- **EXERCISE AIM**: Go through the records and restate them word for word, omitting images.

Start of RECORDS TO USE

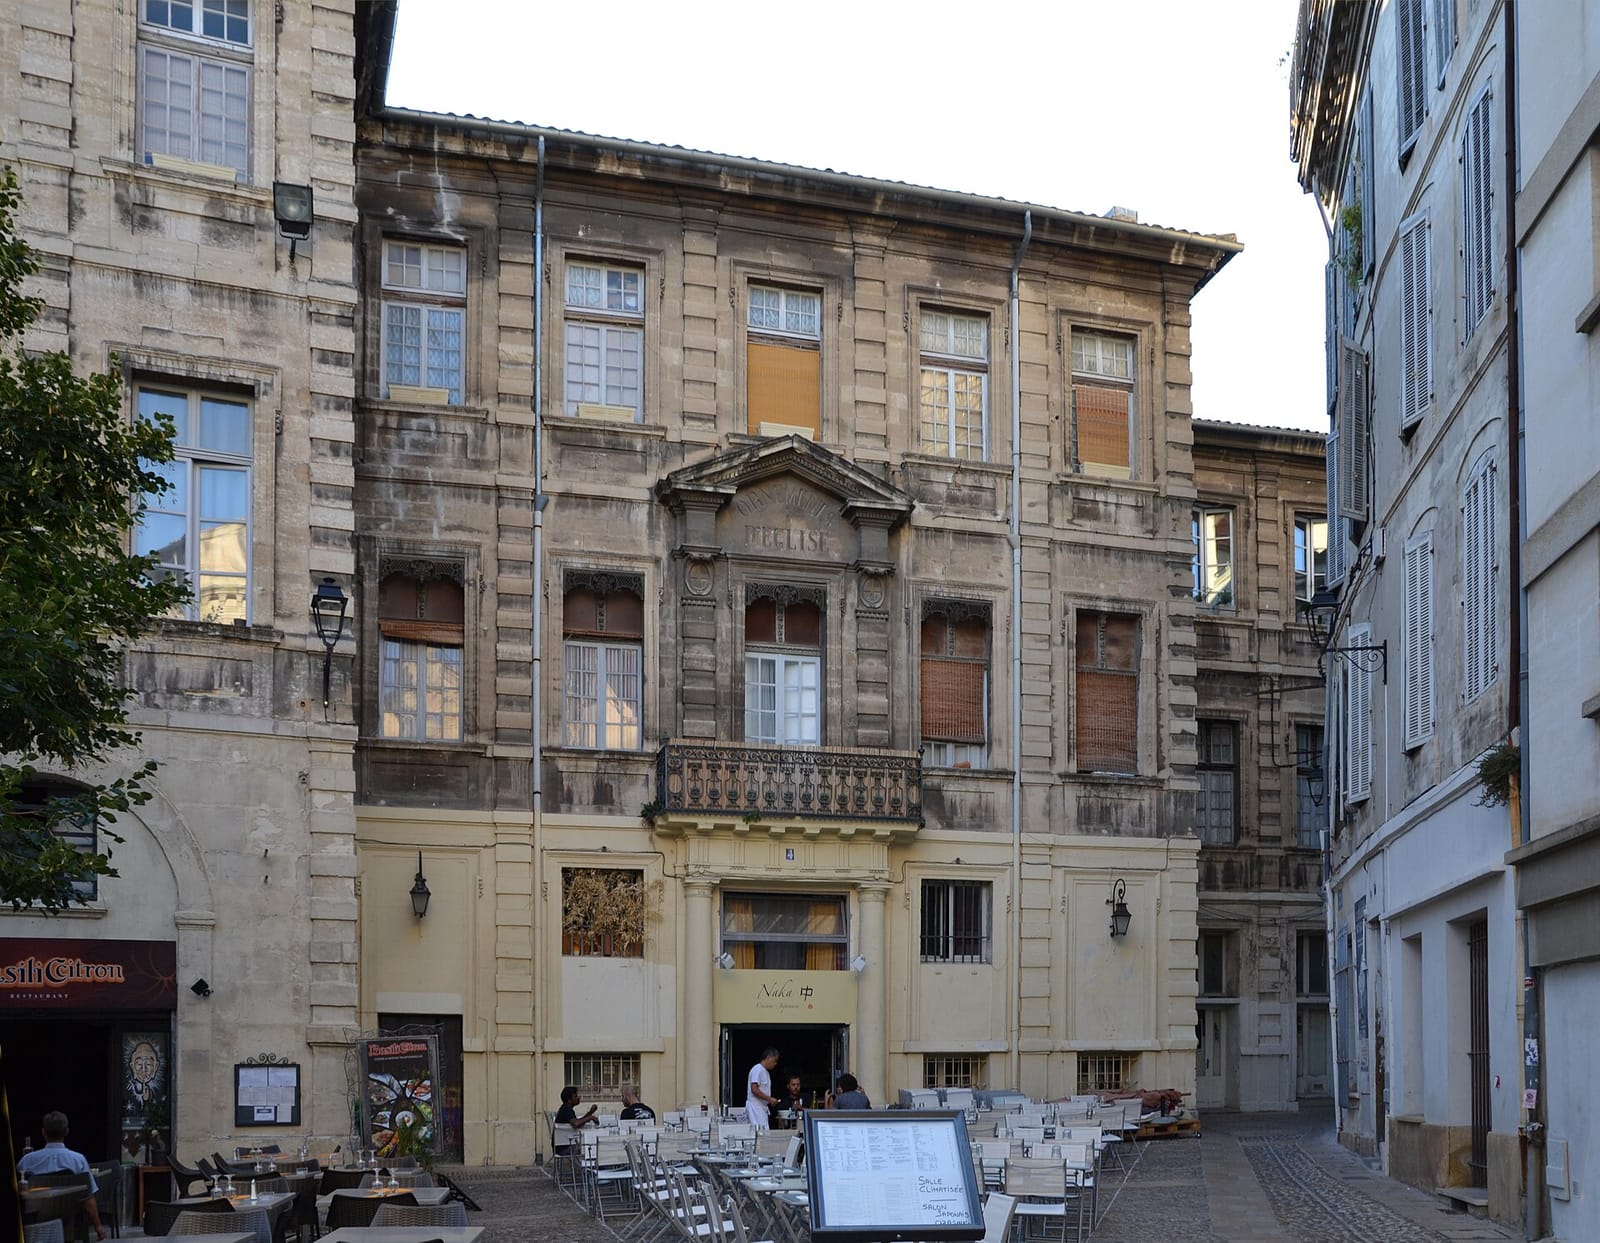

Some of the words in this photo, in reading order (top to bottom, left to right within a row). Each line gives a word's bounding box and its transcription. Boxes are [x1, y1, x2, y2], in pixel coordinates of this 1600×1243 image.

[757, 979, 793, 999] Naka
[800, 985, 813, 1001] 中
[918, 1175, 943, 1186] SALLE
[922, 1203, 947, 1211] SALON

End of RECORDS TO USE

- **SOLUTION FOR THIS PROBLEM**:
Some of the words in this photo, in reading order (top to bottom, left to right within a row). Each line gives a word's bounding box and its transcription. Boxes are [x1, y1, x2, y2], in pixel coordinates of this 1600×1243 image.

[757, 979, 793, 999] Naka
[800, 985, 813, 1001] 中
[918, 1175, 943, 1186] SALLE
[922, 1203, 947, 1211] SALON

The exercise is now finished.